Le code des obligations et des contrats lui consacre une place importante, les règles la
régissant s’étendent sur plusieurs articles (article 478 à l’article 618-20).
Définition.
Le code des obligations et des contrats dans son article 478 définit lui-même la vente comme
étant « un contrat par lequel l’une des parties transmet la propriété d’une chose ou d’un droit
à l’autre contractant contre un prix que ce dernier s’oblige à lui payer ». La définition que le
code marocain a attribuée à la vente est certes similaire à celle donnée par le code civil
français dans son article 1582 selon laquelle « la vente est une convention par laquelle l’un
s’oblige à livrer une chose à l’autre à la payer ». Néanmoins, la définition marocaine paraît
plus précise en ce qu’elle élargit le domaine de la vente, celle-ci comprend non seulement le
transfert de propriété des choses mais aussi des droits financiers qu’ils soient matériels ou
immatériels tels les propriétés littéraire et artistique.
Caractères.
L’article 478 nous permet de dégager les caractères propres du contrat de vente. On sera par
la même occasion amené à distinguer le contrat de vente de quelques autres contrats ayant des
caractères en commun avec la vente.
- L’effet caractéristique de la vente est sans doute le transfert de la propriété d’une
chose : le contrat de vente transfère un droit réel du patrimoine du vendeur dans le
patrimoine de l’acheteur. C’est l’effet typique de ce contrat. Il opère une première
dissociation de la vente, d’autres contrats portant mise à disposition d’une chose mais
dénués d’un tel effet comme le bail qui emporte une simple mise à disposition d’une
chose à titre provisoire.
De même la distinction peut être faite entre la vente et le prêt. Le contrat de prêt
comporte une obligation de restitution qui normalement exclut l’idée d’un transfert de
propriété.
La vente et le mandat – contrat par lequel le mandataire conclut des actes juridiques
au nom et pour le compte du mandant- n’entretiennent, a priori, aucune relation
équivoque. il arrive pourtant que l’on ne sache pas toujours très bien si la personne qui
contracte intervient en son nom propre et pour son propre compte ou comme
représentant : on peut citer un exemple dans le secteur de la distribution commerciale.
Le distributeur des produits d’un fournisseur pouvant intervenir en tant que mandataire
(agent commercial) ou distributeur indépendant (franchisé) qui achète et revend.

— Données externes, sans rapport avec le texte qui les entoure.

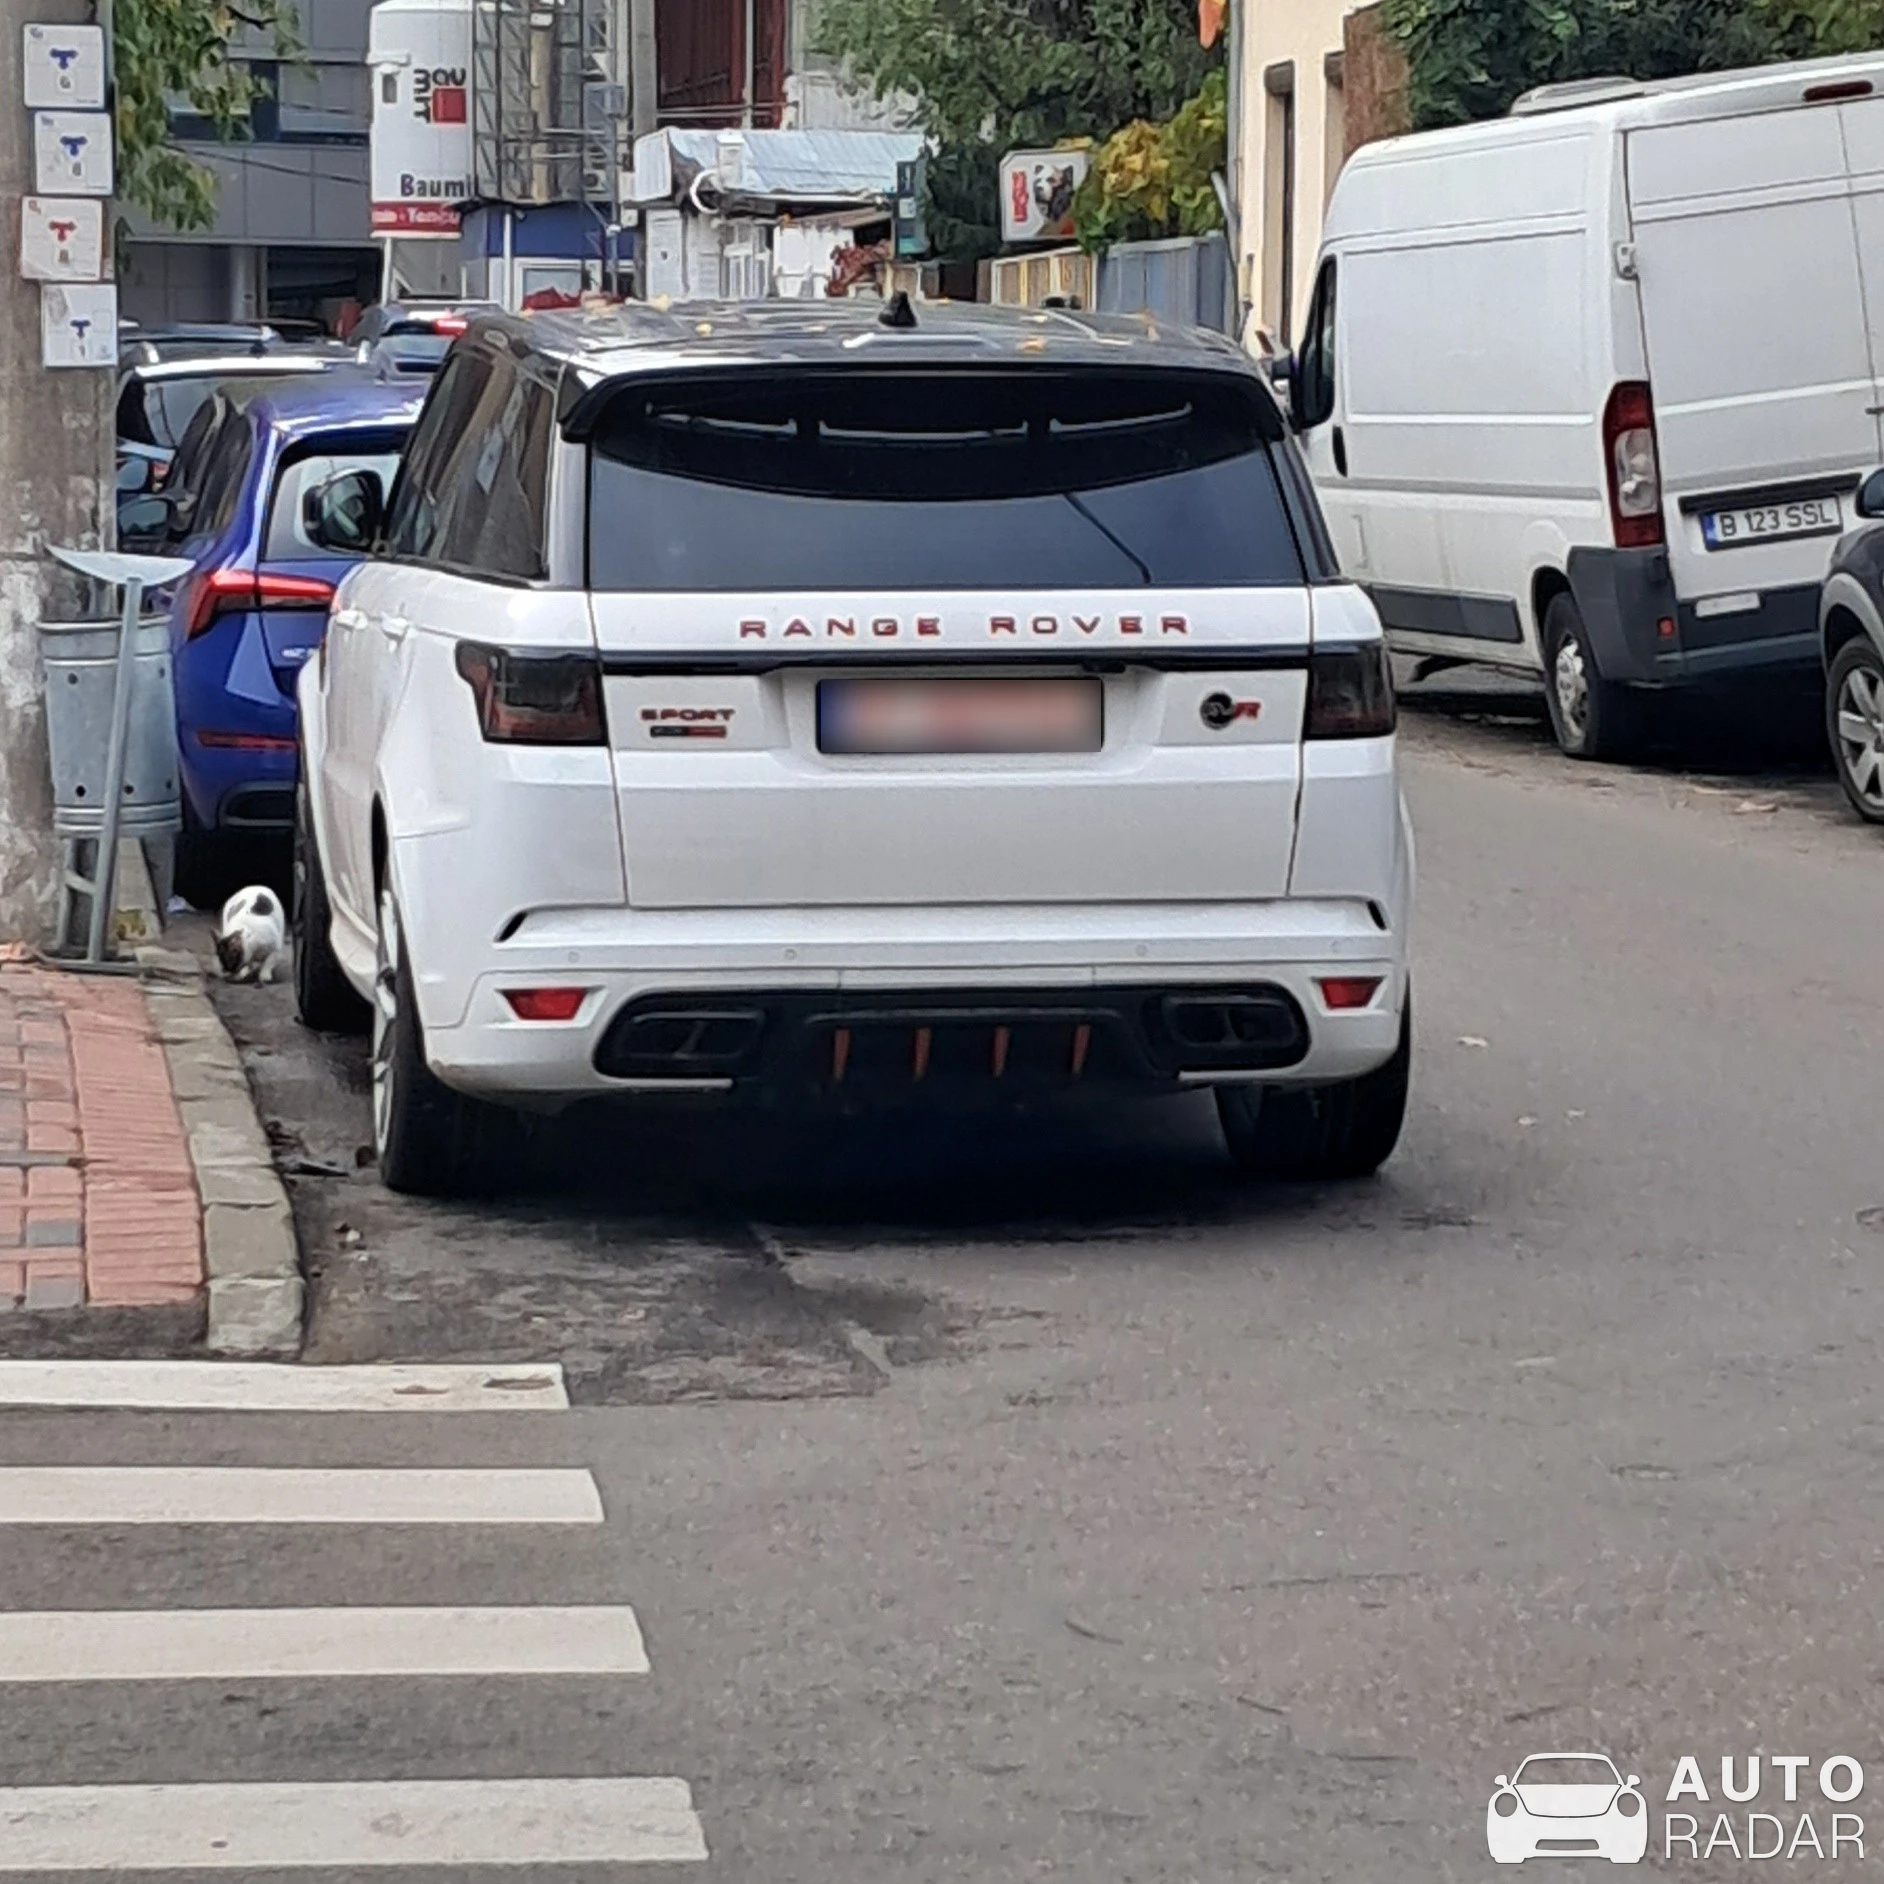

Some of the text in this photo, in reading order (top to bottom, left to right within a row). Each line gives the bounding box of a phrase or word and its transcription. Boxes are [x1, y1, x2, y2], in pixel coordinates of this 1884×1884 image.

[1719, 503, 1833, 537] B 123 SSL
[740, 615, 1188, 638] RANGE ROVER

- Il s’agit aussi d’un contrat synallagmatique puisqu’il met des obligations à la charge
des deux parties. Le transfert de propriété et le paiement du prix. Il s’agit aussi d’un
contrat conclu à titre onéreux. Le prix est une contrepartie monétaire que l’acquéreur
s’engage à payer en réciproque au transfert de propriété dont il bénéficie. La présence
de cette contre-prestation permet de distinguer la vente d’autres contrats qui
produisent également un effet translatif de propriété telle la donation. On voit bien
que le vendeur n’est pas un philanthrope. Une convention opérant transfert de
propriété sans contrepartie n’est pas une vente mais une donation. Le donateur étant
inspiré par l’intention libérale de gratifier qui est une condition décisive pour qualifier
la donation.
Introduction.
La vente comme toutes les autres conventions doit réunir les quatre éléments essentiels que
sont le consentement et la capacité des parties, la cause et l’objet du contrat (article 2 du
COC).
Cependant l’extrême importance pratique de la vente et la grande variété des objets sur
lesquels elle peut porter conduit à un approfondissement ou un affinement de sa formation.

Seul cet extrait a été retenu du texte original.